[WHAT THE EXERCISE ASKS]:
Everything in the entries except the pictures must be duplicated exactly.

[PROVIDED DATA]:
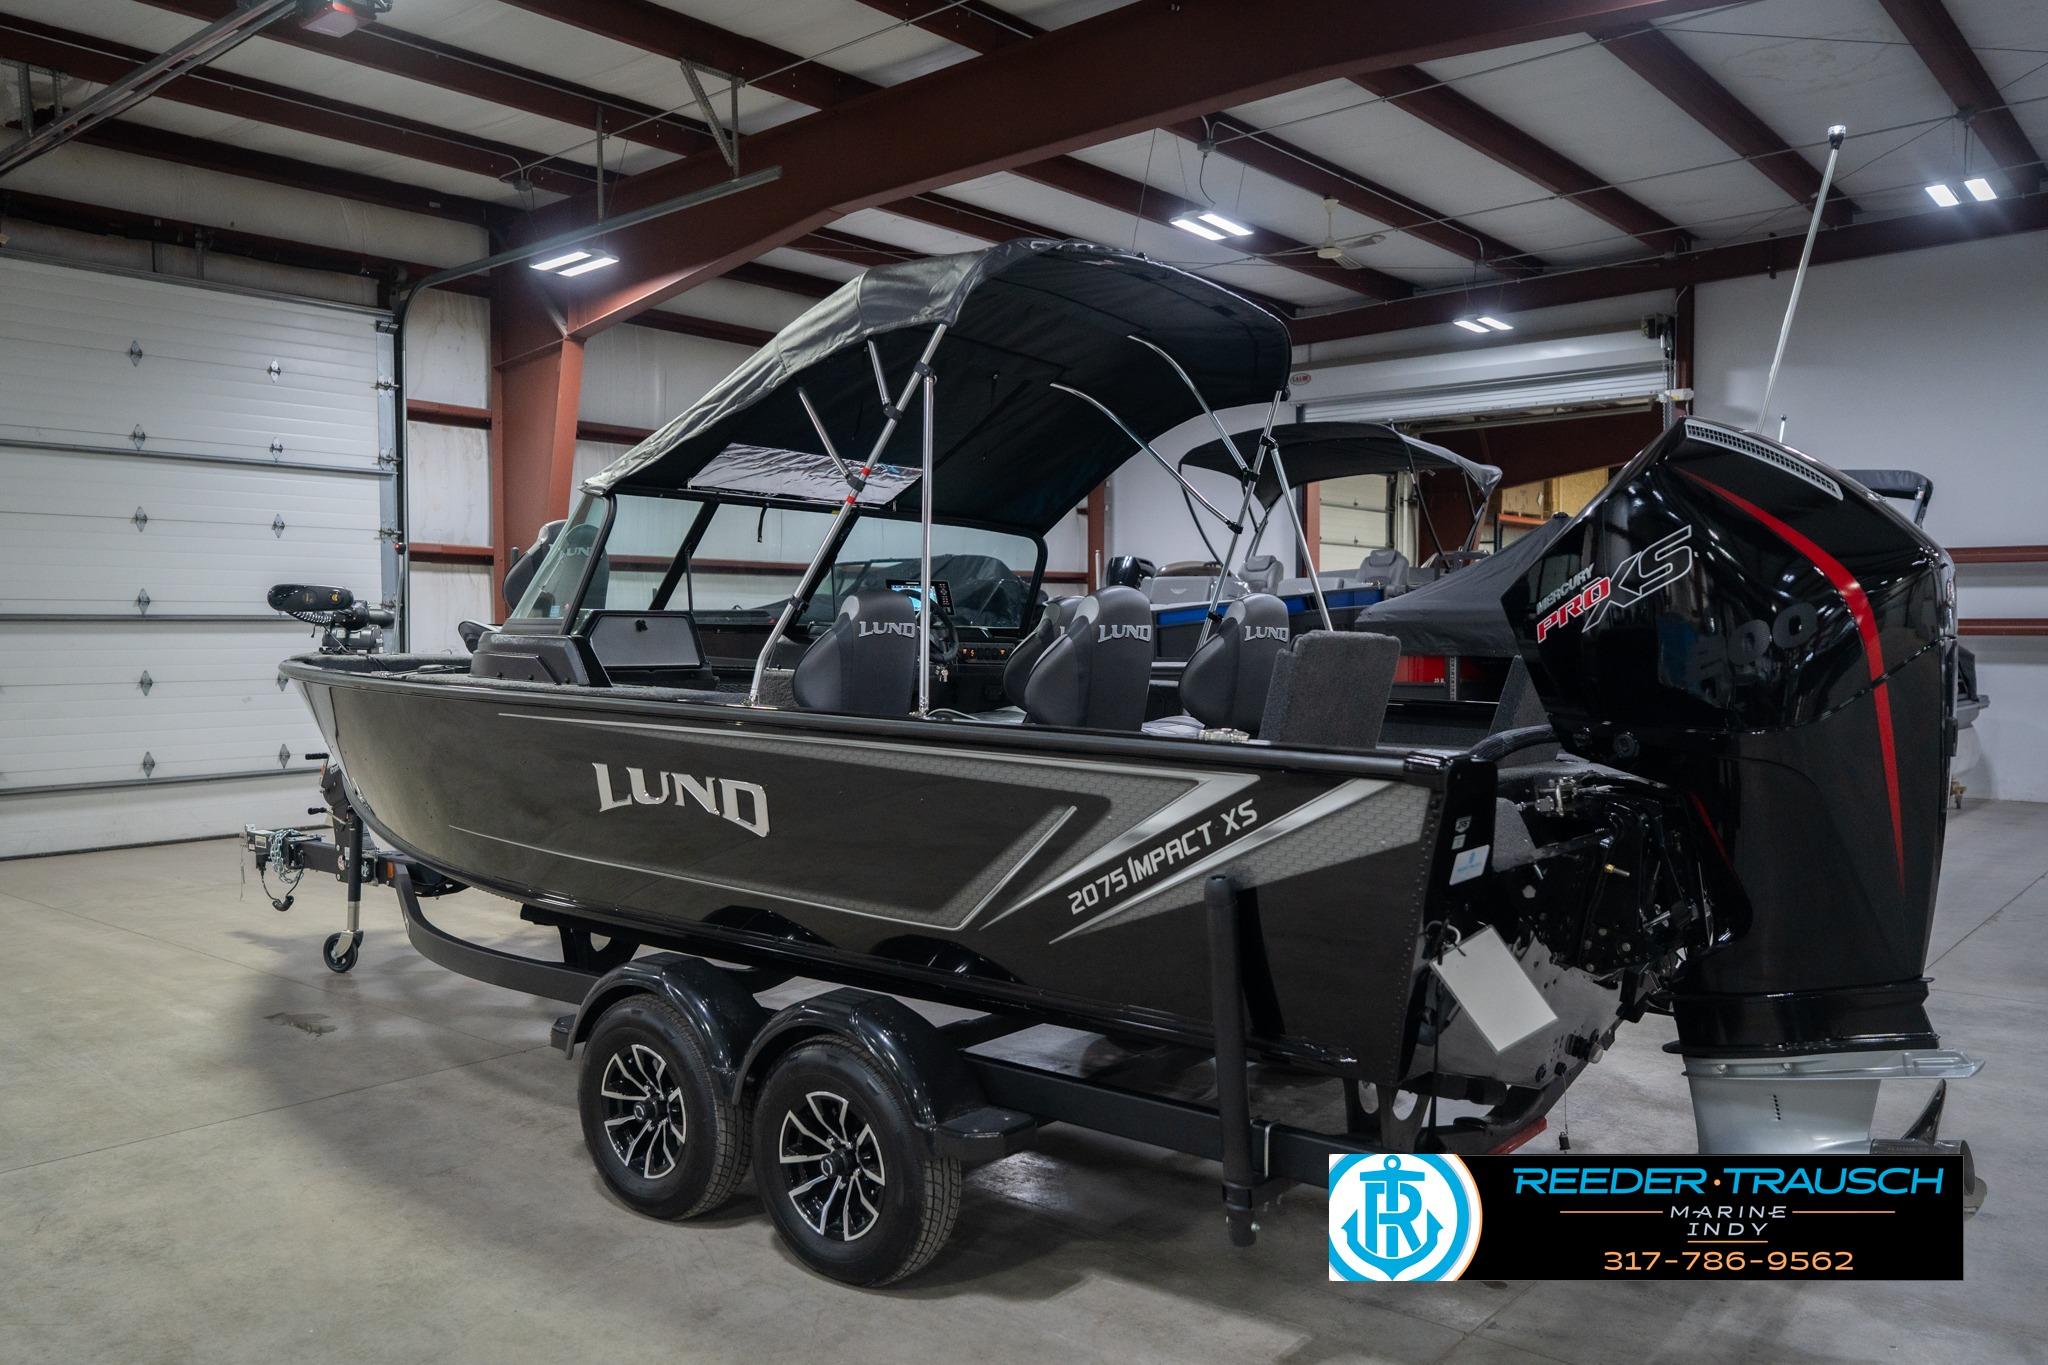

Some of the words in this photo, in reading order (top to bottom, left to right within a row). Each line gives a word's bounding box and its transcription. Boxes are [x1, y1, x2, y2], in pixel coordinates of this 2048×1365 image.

[1536, 563, 1595, 615] MERCURY
[1537, 577, 1611, 644] PRO
[1582, 525, 1692, 633] XS
[858, 621, 917, 639] LUND
[1098, 624, 1152, 643] LUND
[1244, 625, 1290, 643] LUND
[592, 762, 770, 837] LUND
[1067, 867, 1128, 915] 2075
[1127, 820, 1213, 884] IMPACT
[1220, 798, 1258, 836] XS
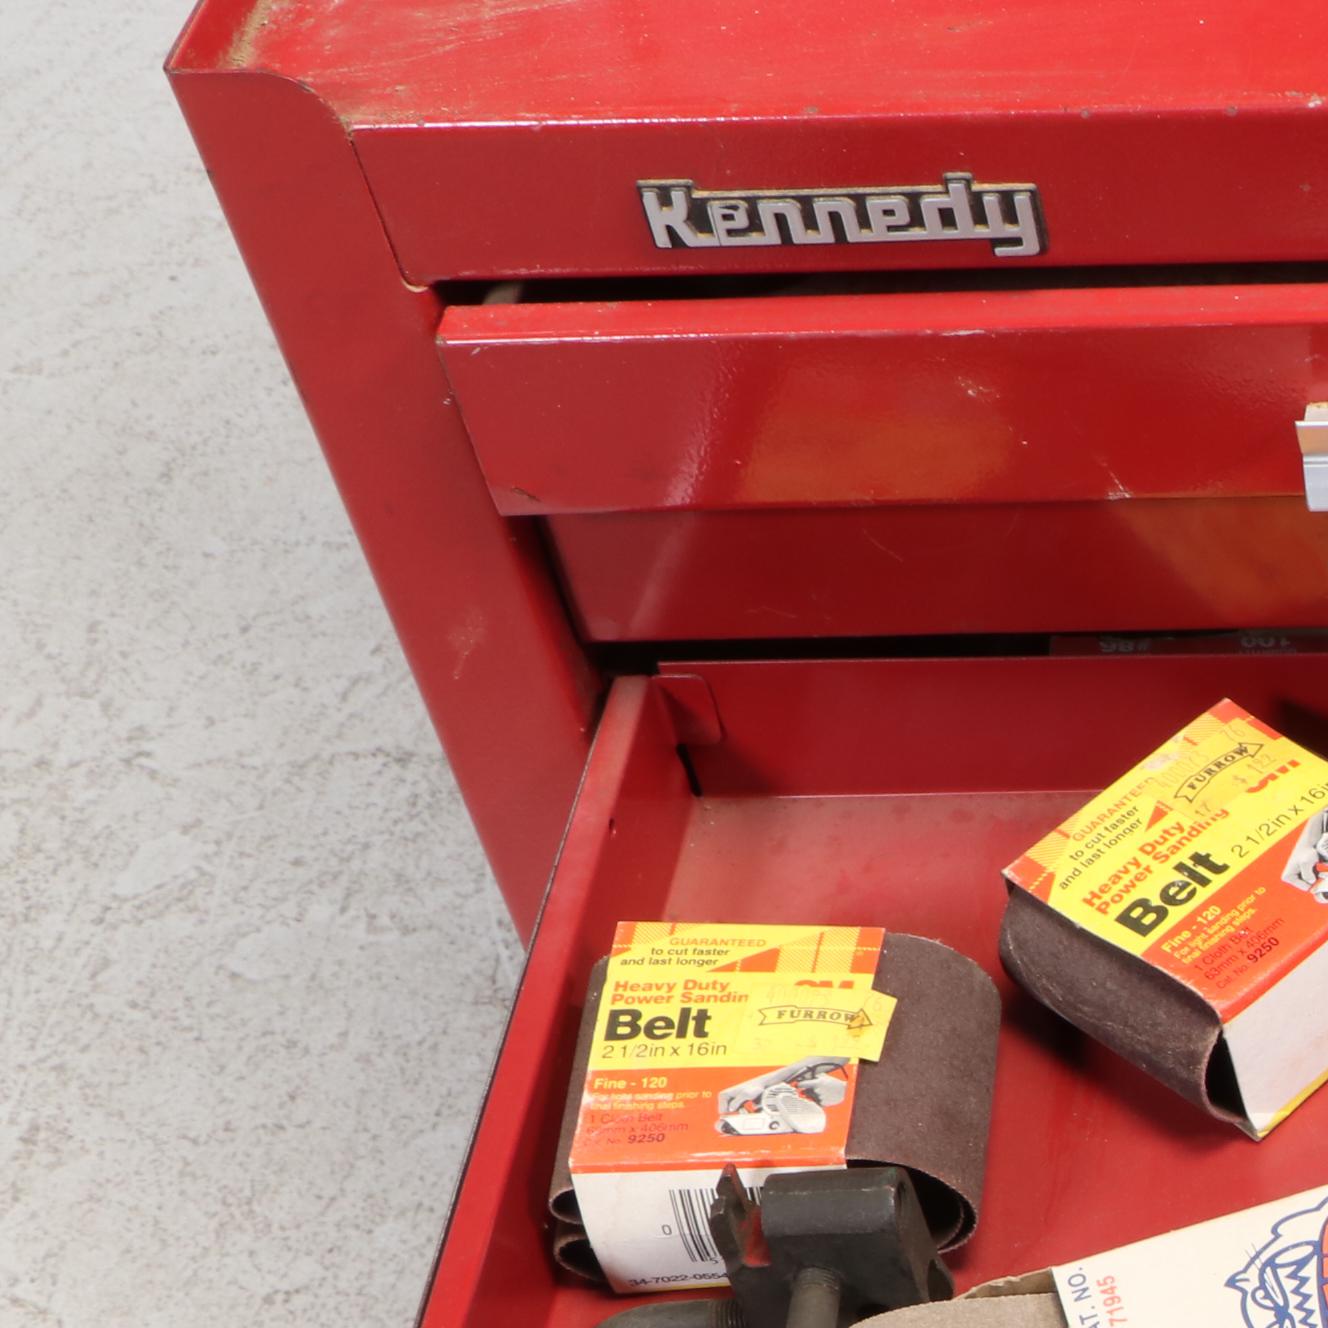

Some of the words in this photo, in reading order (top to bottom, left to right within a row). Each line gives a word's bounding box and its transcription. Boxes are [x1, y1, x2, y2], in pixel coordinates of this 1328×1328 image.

[EXERCISE SOLUTION]:
Some of the words in this photo, in reading order (top to bottom, left to right within a row). Each line gives a word's bounding box and its transcription. Boxes are [x1, y1, x2, y2], in pixel coordinates of this 2048×1365 image.

[1536, 563, 1595, 615] MERCURY
[1537, 577, 1611, 644] PRO
[1582, 525, 1692, 633] XS
[858, 621, 917, 639] LUND
[1098, 624, 1152, 643] LUND
[1244, 625, 1290, 643] LUND
[592, 762, 770, 837] LUND
[1067, 867, 1128, 915] 2075
[1127, 820, 1213, 884] IMPACT
[1220, 798, 1258, 836] XS

Some of the words in this photo, in reading order (top to bottom, left to right within a row). Each line gives a word's bounding box and its transcription. Boxes are [x1, y1, x2, y2], in pixel coordinates of this 1328×1328 image.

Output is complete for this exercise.